Keeping this in mind, the researchers at University of Washington were cautious about not generating videos where they put words in Obama’s mouth, that he had not utter himself.

How useful can the software be?

Improving videoconferencing could be one potential application for this new technology, as claimed by Ira Kemelmacher-Shlizerman, a co-author to this project. Teleconferencing video feeds may often stutter, freeze, or suffer from low-resolution; but the audio feeds mostly work.

In the future, videoconferencing may simply transmit audio from people and this software could be leveraged to reconstruct what they might have looked like while they talked. Besides, such software could also help people talk with digital copies of a person in virtual reality or augmented reality applications.

This is not all, the technology can be applied to detect fake videos in the future. It could be a difficult task at times for anyone to make out if a video is fake or real, as the differences might not be so distinct to human eyes. However, an AI-based program that can compare the blurriness of the mouth region to the rest of the video can be easily developed.

Looking into the future of such technological advances

This project clearly illustrates how training on a large amount of video of the same person, and designing algorithms with the goal of photo-realism in mind, can help in creating believable video from audio with convincing lip sync.

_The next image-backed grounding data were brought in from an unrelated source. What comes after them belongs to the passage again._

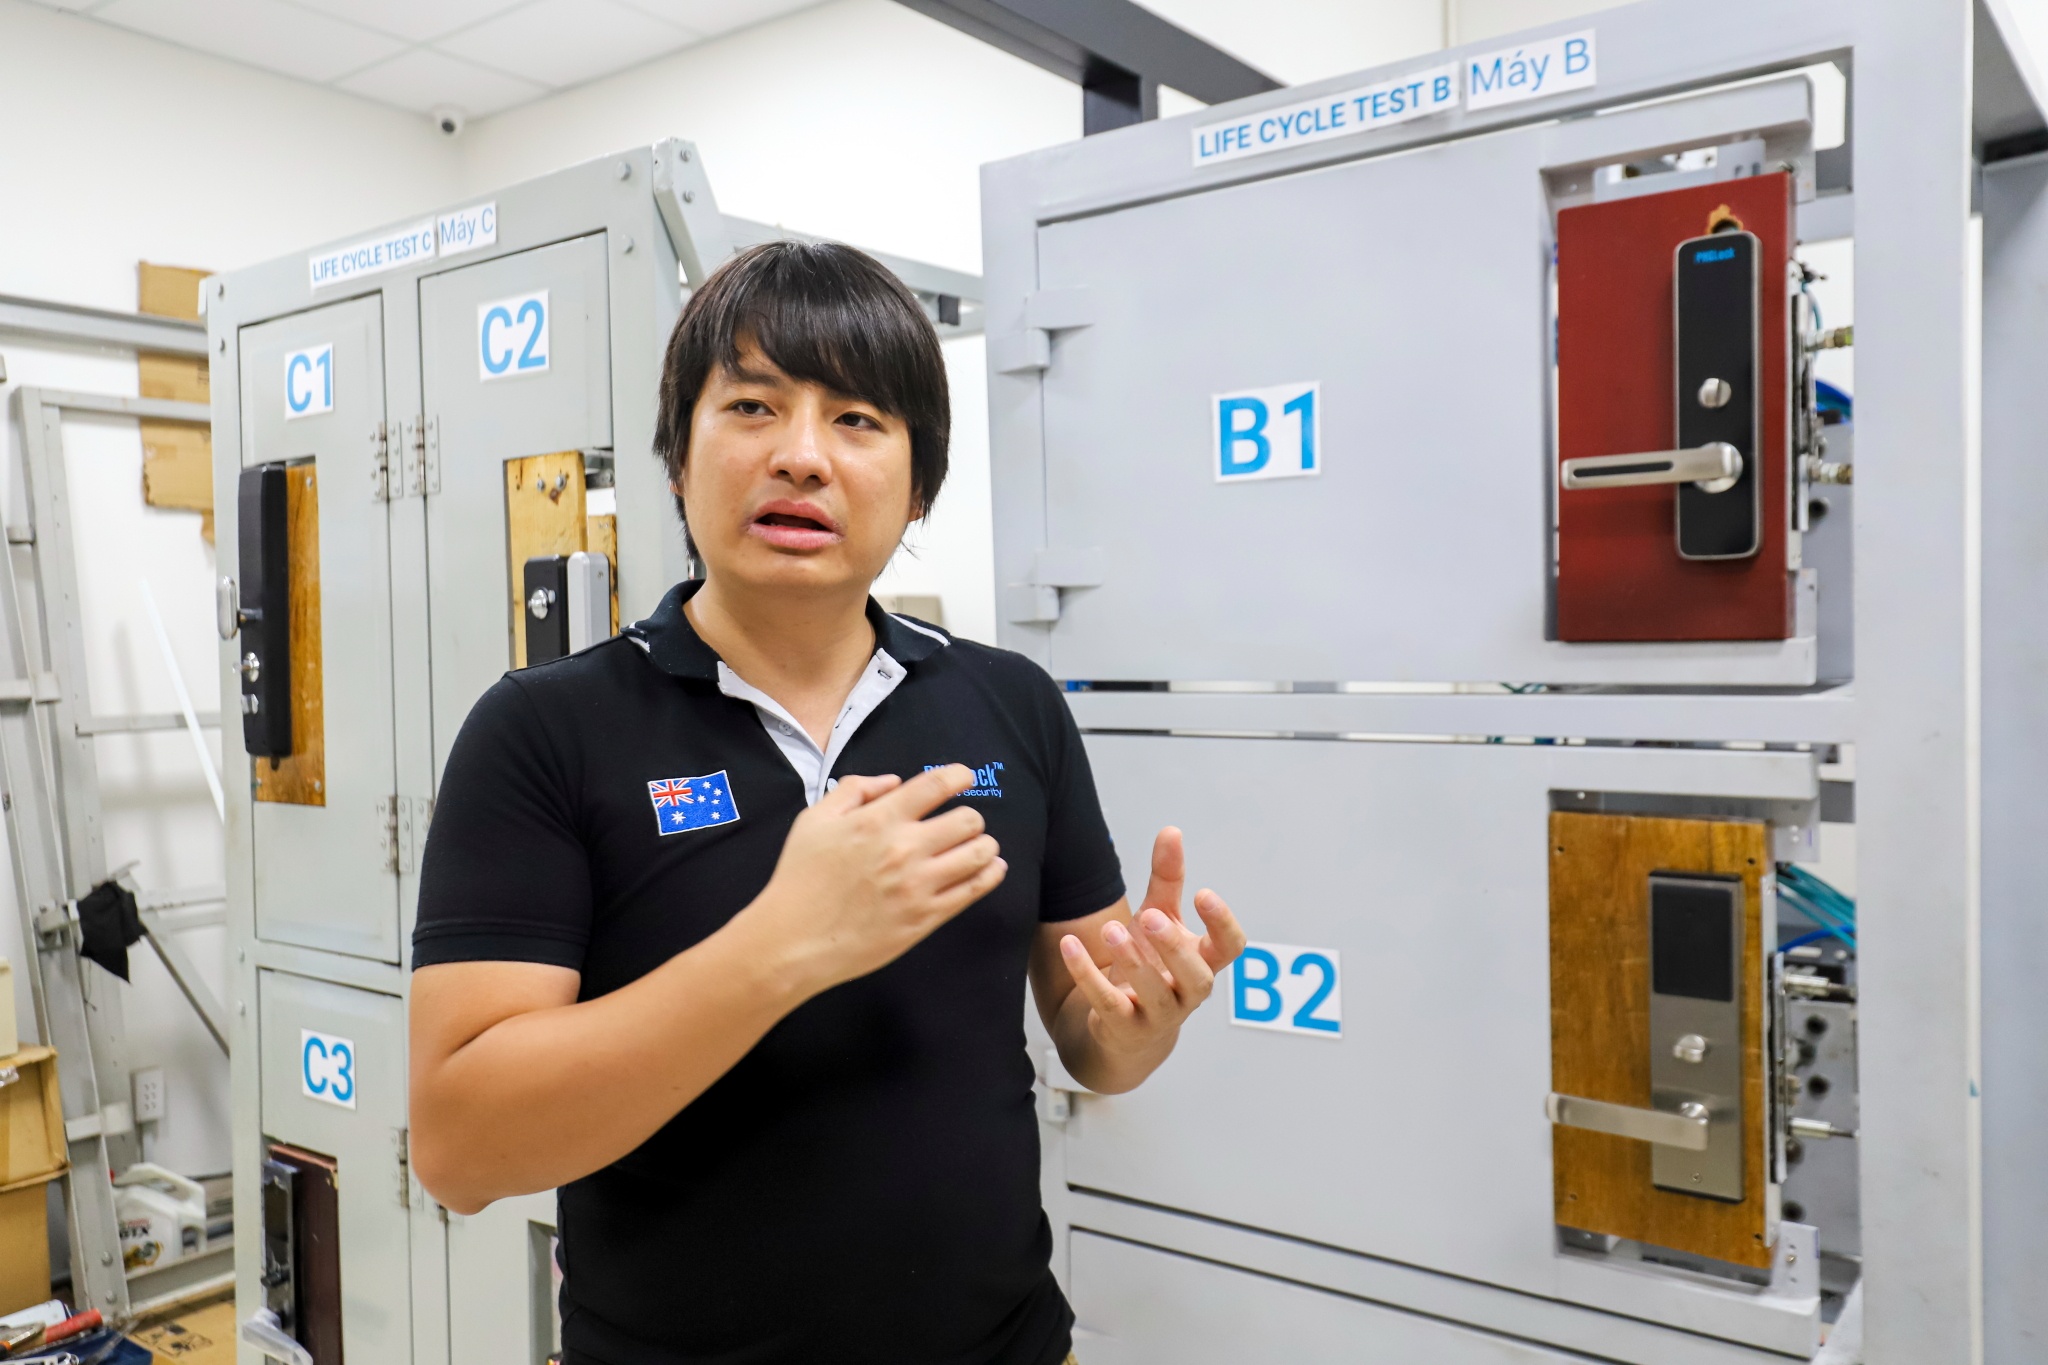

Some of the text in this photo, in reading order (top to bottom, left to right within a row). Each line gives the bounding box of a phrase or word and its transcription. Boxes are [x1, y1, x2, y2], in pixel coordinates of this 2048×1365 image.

[1471, 38, 1591, 95] Máy B
[1200, 75, 1451, 157] LIFE CYCLE TEST B
[312, 230, 432, 282] LIFE CYCLE TEST C
[440, 207, 494, 246] Máy C
[481, 299, 547, 375] C2
[286, 348, 333, 413] C1
[1219, 389, 1314, 476] B1
[963, 787, 1002, 798] Security
[1233, 946, 1340, 1033] B2
[303, 1036, 353, 1101] C3
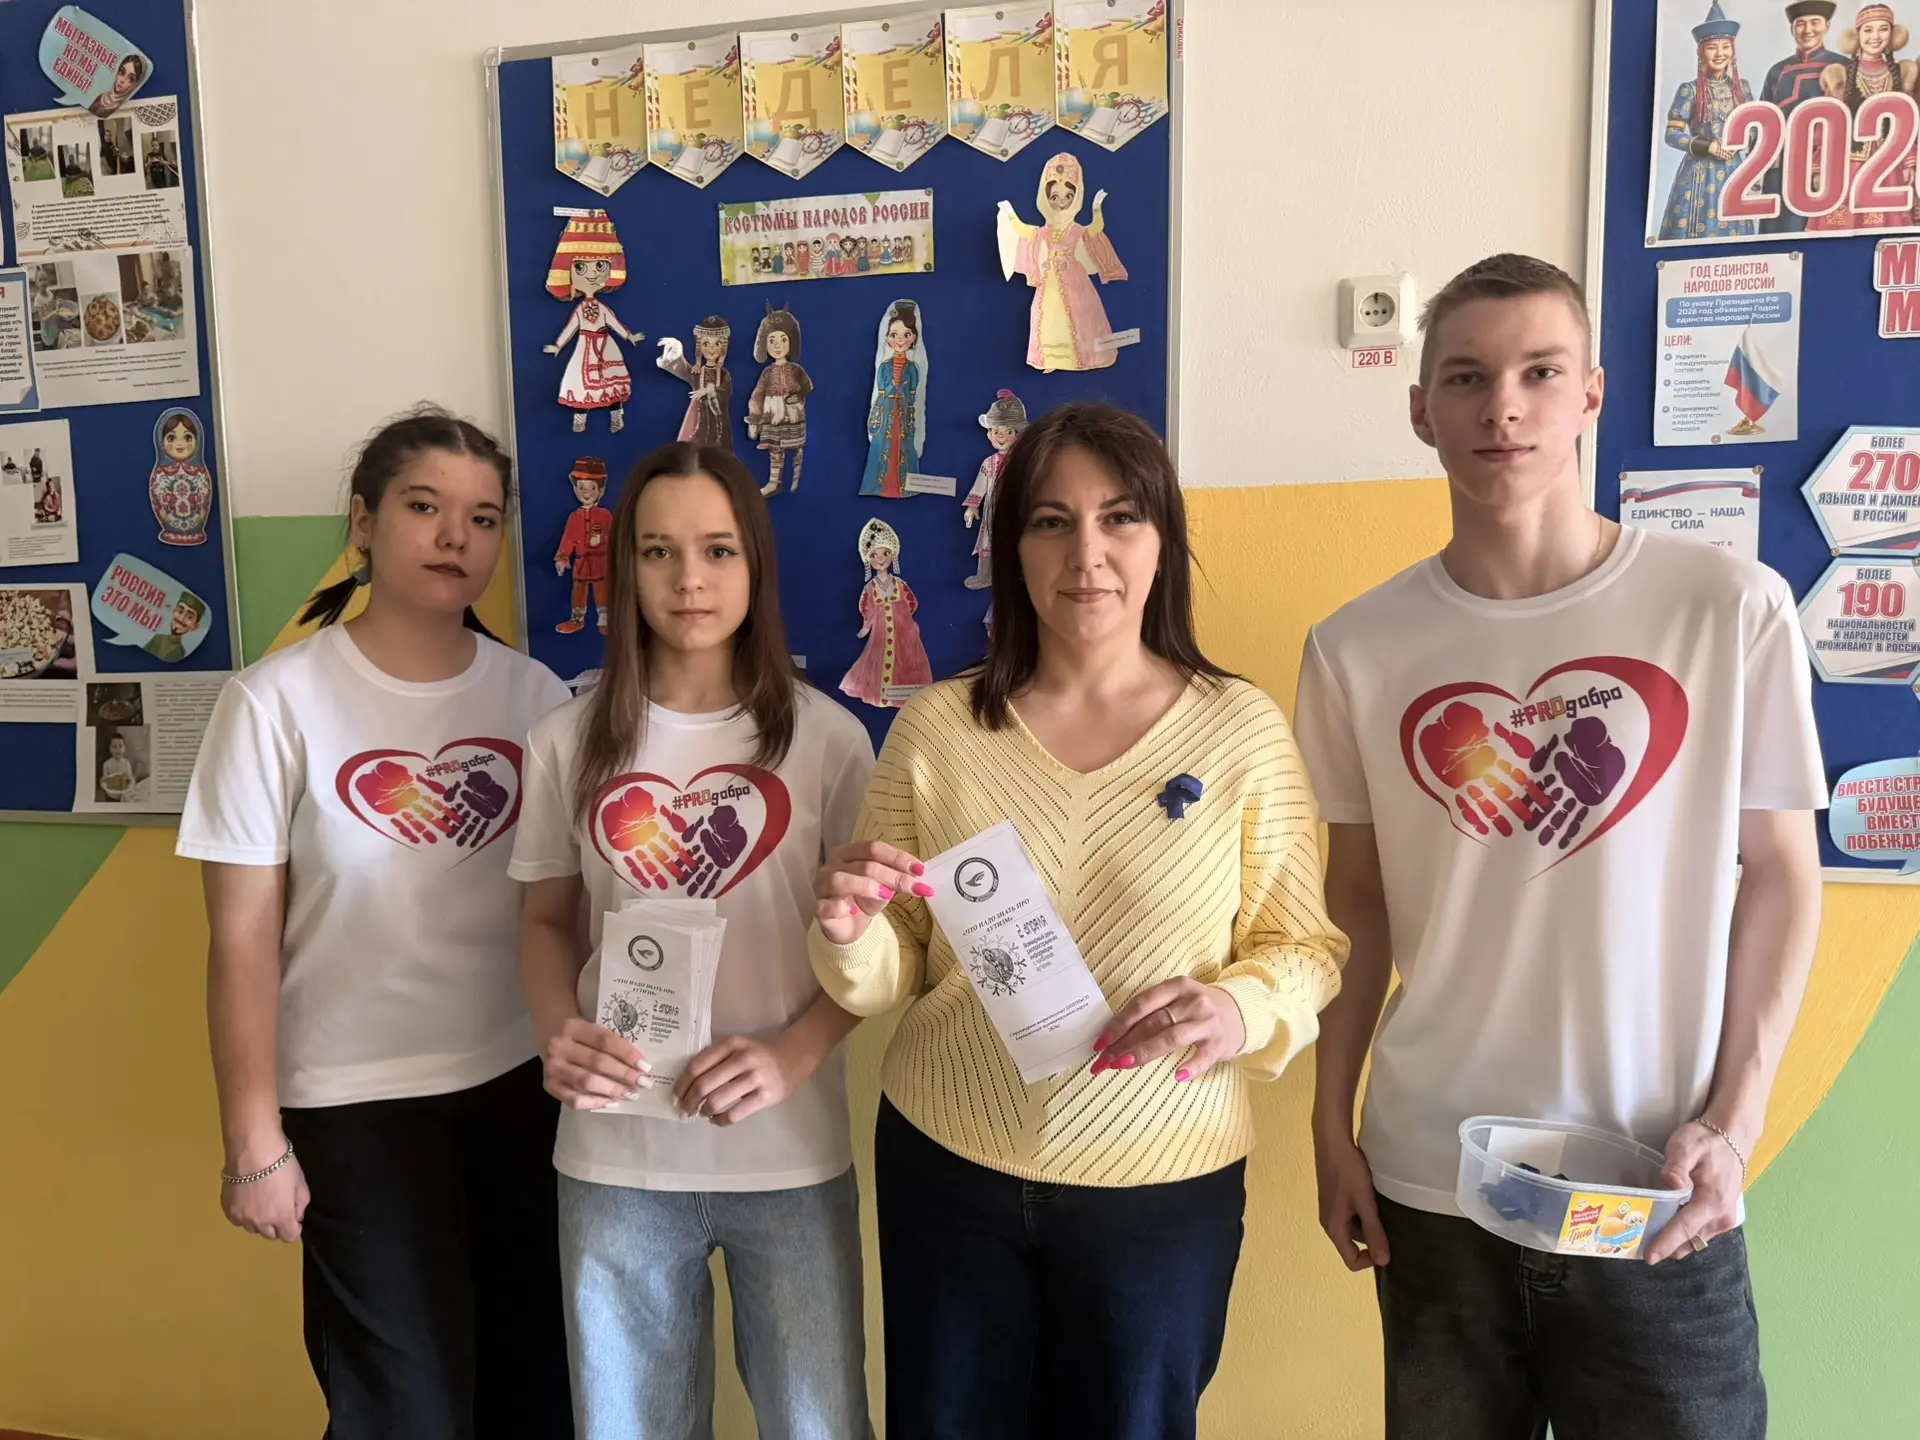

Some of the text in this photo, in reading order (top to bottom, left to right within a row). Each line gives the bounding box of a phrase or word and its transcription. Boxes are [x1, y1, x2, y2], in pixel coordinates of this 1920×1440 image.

As discussed earlier, such projects open up a number of interesting future directions.

It could be however difficult to train the system on another person, for instance, a non-celebrity. This is because it’s not an easy task to obtain hours of training data. However, there are chances that association between mouth shapes and utterances could be speaker-independent. In other words, we could perhaps retrain the network used in Obama’s case for another person with lesser need for additional training data.

Talking about taking the system a notch higher, it might be possible to train a single universal network from videos of many different people, which could be further conditioned on individual speakers. For say, the AI-based system could be fed with a small video sample of the new person, to produce accurate mouth shapes for that person.